Records drawn from a dataset:
---+---

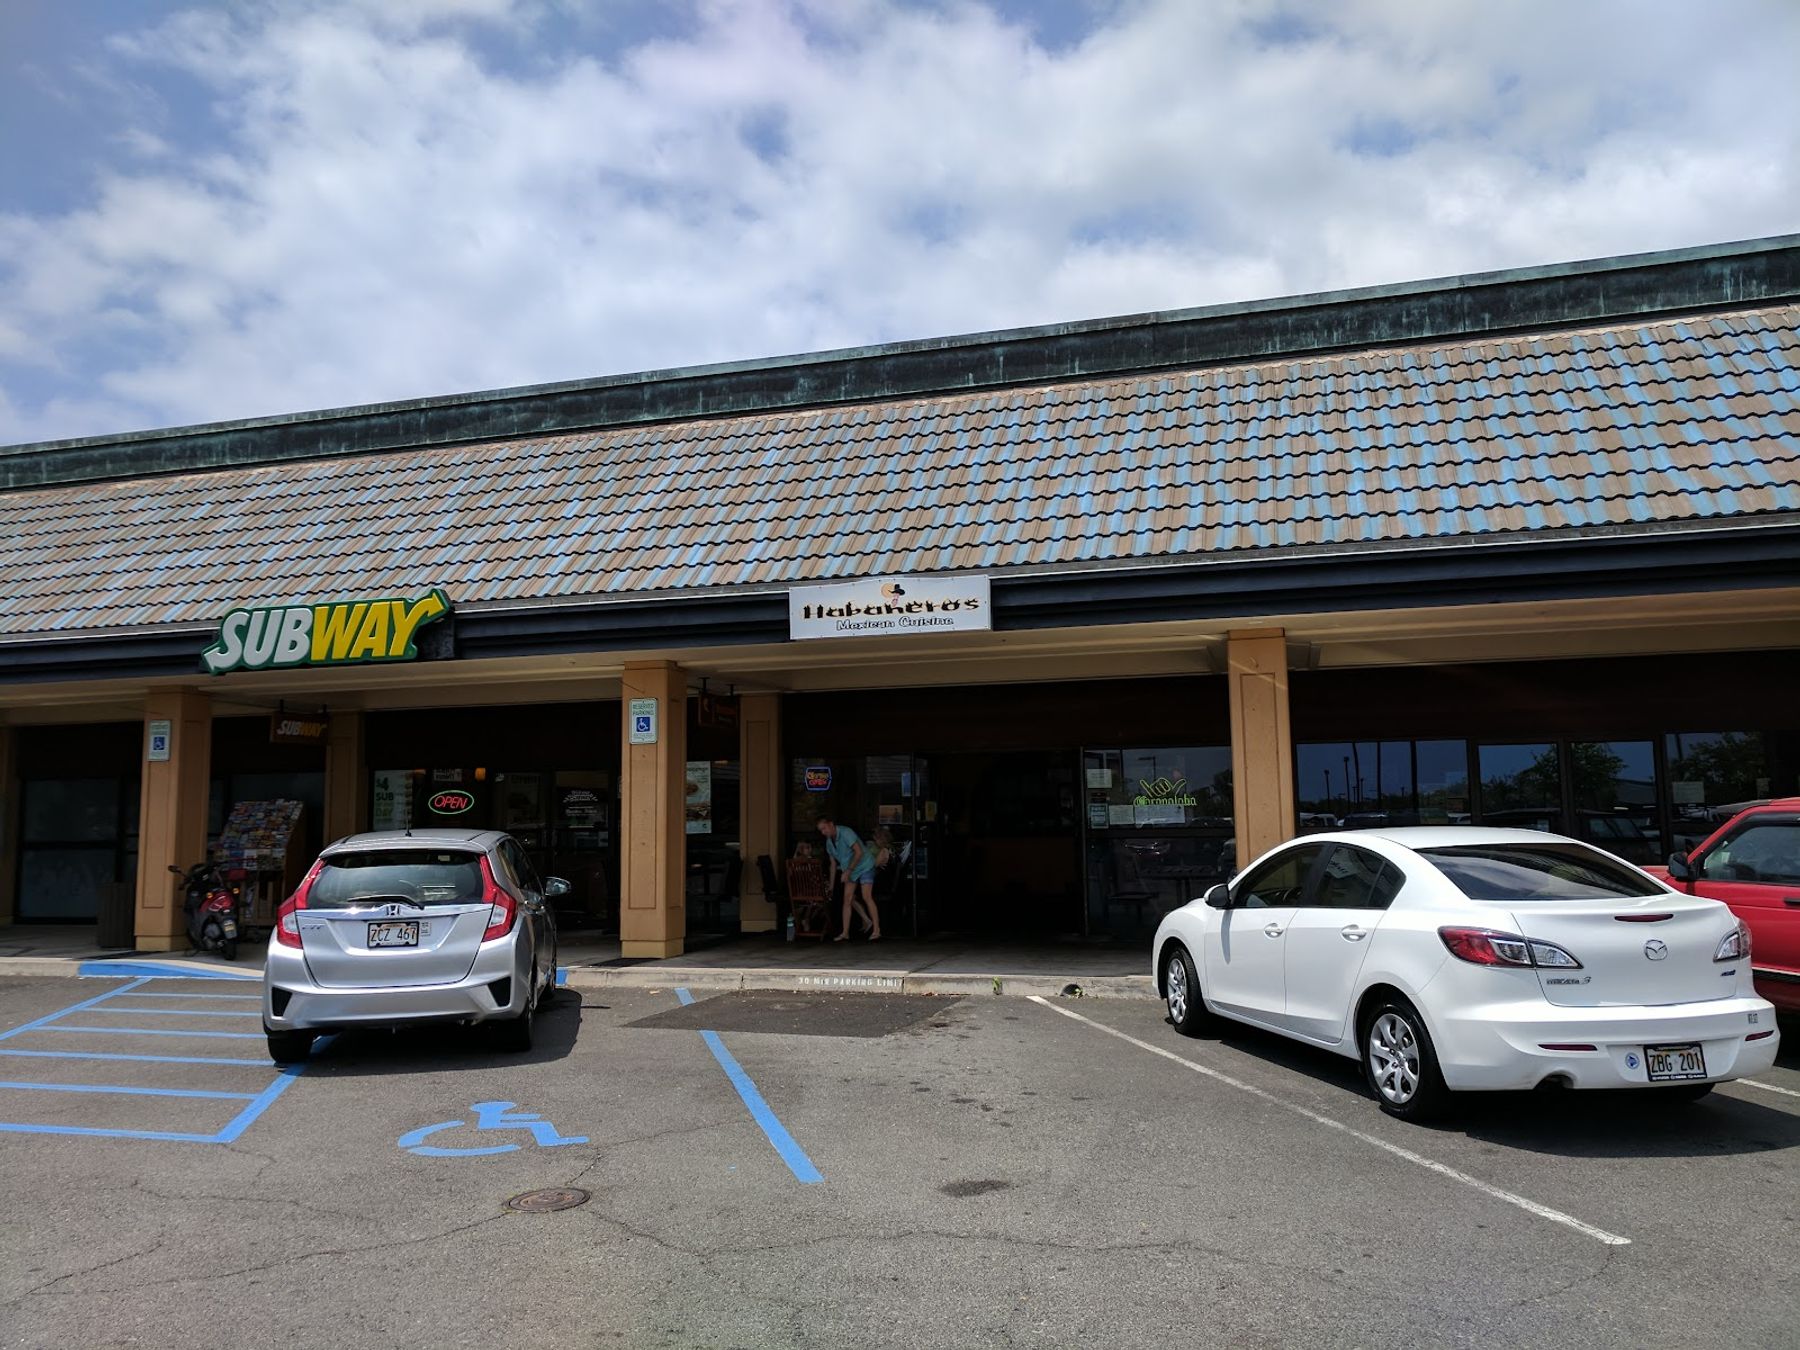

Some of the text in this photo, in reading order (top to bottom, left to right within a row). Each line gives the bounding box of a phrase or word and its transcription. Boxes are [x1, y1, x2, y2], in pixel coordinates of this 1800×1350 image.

[803, 596, 980, 619] Habaneros
[836, 615, 955, 631] Mexican Cuisine
[204, 592, 444, 671] SUBWAY
[276, 719, 327, 737] SUBWAY
[375, 792, 394, 801] SUB
[434, 795, 468, 809] OPEN
[371, 928, 391, 942] ZCZ
[396, 928, 417, 941] 467
[833, 978, 873, 986] PARKING
[877, 979, 904, 987] LIMIT
[1649, 1052, 1701, 1073] ZBG 201

---+---

Reprint all the data above verbatim, excluding pictures.

Some of the text in this photo, in reading order (top to bottom, left to right within a row). Each line gives the bounding box of a phrase or word and its transcription. Boxes are [x1, y1, x2, y2], in pixel coordinates of this 1800×1350 image.

[803, 596, 980, 619] Habaneros
[836, 615, 955, 631] Mexican Cuisine
[204, 592, 444, 671] SUBWAY
[276, 719, 327, 737] SUBWAY
[375, 792, 394, 801] SUB
[434, 795, 468, 809] OPEN
[371, 928, 391, 942] ZCZ
[396, 928, 417, 941] 467
[833, 978, 873, 986] PARKING
[877, 979, 904, 987] LIMIT
[1649, 1052, 1701, 1073] ZBG 201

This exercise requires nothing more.